*** Opening of Extracted information ***

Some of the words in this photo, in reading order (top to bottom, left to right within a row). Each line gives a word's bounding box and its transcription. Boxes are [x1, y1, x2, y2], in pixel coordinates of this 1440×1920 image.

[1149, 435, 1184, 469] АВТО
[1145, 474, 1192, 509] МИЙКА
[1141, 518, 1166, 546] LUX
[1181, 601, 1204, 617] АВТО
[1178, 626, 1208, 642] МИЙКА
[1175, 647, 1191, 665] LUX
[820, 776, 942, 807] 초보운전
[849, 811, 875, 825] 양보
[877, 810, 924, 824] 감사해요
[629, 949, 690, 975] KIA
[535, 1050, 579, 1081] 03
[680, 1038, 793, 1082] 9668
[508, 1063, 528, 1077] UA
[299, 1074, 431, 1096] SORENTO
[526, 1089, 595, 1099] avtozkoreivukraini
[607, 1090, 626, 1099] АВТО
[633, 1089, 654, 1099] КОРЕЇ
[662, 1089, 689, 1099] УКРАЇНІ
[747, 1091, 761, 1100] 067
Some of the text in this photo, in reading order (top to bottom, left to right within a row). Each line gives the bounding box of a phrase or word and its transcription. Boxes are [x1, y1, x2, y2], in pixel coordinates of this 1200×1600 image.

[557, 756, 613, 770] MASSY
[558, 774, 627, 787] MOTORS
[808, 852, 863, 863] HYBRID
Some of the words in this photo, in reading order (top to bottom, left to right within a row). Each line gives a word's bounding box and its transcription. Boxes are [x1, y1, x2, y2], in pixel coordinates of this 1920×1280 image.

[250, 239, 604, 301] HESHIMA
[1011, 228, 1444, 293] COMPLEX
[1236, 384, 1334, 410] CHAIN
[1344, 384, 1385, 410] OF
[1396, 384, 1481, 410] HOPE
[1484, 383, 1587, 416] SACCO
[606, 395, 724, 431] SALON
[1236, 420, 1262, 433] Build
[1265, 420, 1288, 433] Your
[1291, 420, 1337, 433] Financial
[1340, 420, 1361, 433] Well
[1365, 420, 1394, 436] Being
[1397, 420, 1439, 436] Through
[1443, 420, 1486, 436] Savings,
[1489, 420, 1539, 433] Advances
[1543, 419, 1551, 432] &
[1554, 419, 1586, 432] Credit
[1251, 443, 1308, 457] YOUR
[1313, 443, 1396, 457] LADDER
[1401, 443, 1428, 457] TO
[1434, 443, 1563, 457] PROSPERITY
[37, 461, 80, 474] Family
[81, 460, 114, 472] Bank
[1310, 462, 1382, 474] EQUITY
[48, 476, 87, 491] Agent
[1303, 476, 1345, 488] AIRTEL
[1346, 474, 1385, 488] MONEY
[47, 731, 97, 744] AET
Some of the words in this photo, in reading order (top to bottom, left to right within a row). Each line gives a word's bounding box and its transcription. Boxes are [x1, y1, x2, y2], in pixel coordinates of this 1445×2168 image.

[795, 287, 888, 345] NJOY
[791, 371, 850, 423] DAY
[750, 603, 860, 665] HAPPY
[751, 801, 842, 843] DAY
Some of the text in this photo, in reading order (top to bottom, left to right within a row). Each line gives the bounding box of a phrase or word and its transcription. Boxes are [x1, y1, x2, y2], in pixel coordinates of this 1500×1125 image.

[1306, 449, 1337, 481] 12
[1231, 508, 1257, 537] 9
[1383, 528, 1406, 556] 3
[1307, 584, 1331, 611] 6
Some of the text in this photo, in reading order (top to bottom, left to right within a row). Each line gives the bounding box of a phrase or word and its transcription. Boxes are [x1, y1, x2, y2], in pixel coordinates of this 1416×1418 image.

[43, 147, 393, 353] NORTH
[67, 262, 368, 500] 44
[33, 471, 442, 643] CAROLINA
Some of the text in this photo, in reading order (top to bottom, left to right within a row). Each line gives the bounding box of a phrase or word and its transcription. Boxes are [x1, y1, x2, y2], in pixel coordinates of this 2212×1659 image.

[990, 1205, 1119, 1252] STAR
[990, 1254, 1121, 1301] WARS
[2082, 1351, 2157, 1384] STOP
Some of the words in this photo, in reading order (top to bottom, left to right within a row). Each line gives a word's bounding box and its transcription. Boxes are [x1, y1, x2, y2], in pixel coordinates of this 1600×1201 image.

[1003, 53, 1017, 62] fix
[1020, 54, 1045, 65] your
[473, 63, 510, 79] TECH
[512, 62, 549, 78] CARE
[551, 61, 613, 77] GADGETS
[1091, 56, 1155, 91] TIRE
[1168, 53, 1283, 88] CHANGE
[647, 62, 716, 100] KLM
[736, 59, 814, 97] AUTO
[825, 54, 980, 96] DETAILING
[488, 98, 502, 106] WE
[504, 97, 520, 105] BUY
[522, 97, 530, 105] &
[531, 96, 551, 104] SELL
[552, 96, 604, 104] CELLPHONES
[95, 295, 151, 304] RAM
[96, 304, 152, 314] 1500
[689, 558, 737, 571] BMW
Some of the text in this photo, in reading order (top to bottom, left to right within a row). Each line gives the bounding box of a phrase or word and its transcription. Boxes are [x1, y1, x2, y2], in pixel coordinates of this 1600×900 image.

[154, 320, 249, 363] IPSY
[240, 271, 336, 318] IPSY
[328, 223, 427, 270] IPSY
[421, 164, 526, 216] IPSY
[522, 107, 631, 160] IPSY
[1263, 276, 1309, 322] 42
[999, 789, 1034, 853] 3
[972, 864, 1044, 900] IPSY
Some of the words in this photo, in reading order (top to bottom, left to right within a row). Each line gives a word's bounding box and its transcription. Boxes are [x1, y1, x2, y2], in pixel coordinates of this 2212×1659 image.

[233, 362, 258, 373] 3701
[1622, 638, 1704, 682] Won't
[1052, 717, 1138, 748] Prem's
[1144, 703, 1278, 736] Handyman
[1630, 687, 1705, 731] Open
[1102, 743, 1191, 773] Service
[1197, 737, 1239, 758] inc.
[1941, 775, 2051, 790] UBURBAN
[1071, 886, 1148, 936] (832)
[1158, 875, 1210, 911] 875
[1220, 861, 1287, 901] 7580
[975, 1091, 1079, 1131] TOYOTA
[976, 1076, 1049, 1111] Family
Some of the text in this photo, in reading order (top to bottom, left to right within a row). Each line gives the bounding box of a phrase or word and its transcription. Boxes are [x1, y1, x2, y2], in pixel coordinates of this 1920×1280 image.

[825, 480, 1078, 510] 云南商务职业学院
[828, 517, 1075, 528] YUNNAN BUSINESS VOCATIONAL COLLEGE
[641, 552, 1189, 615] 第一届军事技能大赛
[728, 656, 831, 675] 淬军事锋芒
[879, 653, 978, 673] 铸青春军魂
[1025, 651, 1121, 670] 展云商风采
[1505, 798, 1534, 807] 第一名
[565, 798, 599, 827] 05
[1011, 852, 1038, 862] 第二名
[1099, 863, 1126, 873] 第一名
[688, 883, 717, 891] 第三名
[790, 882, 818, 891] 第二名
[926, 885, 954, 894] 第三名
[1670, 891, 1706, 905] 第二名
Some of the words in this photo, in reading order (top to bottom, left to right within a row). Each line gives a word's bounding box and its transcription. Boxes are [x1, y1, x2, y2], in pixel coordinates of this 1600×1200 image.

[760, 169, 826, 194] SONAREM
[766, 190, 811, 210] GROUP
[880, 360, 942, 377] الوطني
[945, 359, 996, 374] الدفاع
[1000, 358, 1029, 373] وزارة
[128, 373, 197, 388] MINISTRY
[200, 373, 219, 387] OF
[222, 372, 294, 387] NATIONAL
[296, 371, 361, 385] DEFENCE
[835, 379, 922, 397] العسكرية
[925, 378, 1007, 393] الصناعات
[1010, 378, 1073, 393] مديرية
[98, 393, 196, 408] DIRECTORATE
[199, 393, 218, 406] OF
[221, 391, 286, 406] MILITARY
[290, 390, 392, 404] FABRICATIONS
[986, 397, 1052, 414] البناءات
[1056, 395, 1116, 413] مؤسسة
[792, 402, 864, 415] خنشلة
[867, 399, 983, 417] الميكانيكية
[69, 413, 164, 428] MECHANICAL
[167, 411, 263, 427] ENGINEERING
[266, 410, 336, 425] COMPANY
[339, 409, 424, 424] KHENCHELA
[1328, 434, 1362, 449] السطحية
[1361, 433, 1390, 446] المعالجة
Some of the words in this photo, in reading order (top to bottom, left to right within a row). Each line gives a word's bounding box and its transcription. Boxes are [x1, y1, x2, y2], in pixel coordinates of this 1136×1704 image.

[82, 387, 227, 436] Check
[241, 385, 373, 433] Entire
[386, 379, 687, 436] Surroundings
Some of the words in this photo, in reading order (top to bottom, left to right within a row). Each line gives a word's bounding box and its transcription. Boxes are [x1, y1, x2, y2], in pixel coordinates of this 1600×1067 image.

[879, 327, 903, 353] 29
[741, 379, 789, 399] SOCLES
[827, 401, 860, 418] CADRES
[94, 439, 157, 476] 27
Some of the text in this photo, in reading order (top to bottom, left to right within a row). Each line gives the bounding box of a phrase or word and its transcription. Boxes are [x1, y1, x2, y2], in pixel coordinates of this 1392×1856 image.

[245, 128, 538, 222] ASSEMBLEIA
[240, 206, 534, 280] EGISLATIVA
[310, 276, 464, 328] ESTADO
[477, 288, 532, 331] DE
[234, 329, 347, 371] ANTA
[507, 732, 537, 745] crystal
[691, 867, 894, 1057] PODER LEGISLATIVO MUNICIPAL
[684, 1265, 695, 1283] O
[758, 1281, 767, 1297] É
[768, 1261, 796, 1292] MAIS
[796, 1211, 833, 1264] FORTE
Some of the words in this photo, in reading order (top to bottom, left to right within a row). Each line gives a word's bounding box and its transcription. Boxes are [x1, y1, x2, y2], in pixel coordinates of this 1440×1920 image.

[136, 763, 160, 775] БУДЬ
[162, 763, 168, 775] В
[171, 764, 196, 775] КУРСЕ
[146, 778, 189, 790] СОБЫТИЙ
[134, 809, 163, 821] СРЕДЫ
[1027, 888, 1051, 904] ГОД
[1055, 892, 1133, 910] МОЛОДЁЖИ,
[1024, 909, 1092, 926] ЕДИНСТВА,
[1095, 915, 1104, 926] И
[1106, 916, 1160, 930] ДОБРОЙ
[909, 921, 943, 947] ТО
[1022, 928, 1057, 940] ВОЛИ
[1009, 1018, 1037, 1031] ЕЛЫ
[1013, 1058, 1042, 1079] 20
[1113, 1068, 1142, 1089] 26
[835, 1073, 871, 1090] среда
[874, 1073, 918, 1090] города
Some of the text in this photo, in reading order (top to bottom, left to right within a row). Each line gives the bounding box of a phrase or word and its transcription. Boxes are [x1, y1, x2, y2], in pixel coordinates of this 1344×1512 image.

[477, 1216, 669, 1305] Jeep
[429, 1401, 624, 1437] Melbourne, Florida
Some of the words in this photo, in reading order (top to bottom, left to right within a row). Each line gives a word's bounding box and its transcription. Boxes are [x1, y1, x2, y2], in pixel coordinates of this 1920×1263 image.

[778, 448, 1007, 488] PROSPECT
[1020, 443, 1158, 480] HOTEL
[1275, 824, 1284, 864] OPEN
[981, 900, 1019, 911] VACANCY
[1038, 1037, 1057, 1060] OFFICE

*** Close of Extracted information ***

Reproduce exactly every line between the line with "this 1920×1263 image." and the last line of the records above, both included.

Some of the words in this photo, in reading order (top to bottom, left to right within a row). Each line gives a word's bounding box and its transcription. Boxes are [x1, y1, x2, y2], in pixel coordinates of this 1920×1263 image.

[778, 448, 1007, 488] PROSPECT
[1020, 443, 1158, 480] HOTEL
[1275, 824, 1284, 864] OPEN
[981, 900, 1019, 911] VACANCY
[1038, 1037, 1057, 1060] OFFICE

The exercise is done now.